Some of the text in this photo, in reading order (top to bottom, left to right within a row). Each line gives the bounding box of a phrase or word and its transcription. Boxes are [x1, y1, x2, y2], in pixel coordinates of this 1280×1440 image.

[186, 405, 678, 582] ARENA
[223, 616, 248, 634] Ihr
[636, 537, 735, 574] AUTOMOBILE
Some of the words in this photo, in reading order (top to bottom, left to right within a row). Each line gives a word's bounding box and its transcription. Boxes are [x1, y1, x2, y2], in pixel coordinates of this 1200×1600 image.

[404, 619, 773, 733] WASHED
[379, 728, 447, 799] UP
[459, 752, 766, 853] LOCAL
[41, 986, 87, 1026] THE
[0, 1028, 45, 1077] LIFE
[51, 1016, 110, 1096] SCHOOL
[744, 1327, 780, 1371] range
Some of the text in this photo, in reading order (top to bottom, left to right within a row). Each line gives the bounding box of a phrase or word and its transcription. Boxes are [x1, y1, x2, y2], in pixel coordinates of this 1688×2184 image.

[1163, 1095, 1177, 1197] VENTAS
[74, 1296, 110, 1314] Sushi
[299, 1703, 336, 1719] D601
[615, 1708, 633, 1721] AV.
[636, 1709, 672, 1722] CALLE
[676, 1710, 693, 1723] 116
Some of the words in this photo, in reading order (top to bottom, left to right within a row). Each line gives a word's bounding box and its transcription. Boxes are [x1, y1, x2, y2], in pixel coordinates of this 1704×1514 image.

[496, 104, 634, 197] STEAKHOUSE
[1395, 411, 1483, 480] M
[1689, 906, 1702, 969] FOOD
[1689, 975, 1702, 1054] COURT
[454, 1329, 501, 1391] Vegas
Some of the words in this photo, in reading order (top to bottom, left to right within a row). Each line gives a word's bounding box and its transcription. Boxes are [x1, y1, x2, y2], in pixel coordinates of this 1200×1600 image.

************

-- What the exercise asks --
Pull out every line from the one with "this 1704×1514 image." to the end of the listing, and output only those.

-- Answer below --
Some of the words in this photo, in reading order (top to bottom, left to right within a row). Each line gives a word's bounding box and its transcription. Boxes are [x1, y1, x2, y2], in pixel coordinates of this 1704×1514 image.

[496, 104, 634, 197] STEAKHOUSE
[1395, 411, 1483, 480] M
[1689, 906, 1702, 969] FOOD
[1689, 975, 1702, 1054] COURT
[454, 1329, 501, 1391] Vegas
Some of the words in this photo, in reading order (top to bottom, left to right within a row). Each line gives a word's bounding box and its transcription. Boxes are [x1, y1, x2, y2], in pixel coordinates of this 1200×1600 image.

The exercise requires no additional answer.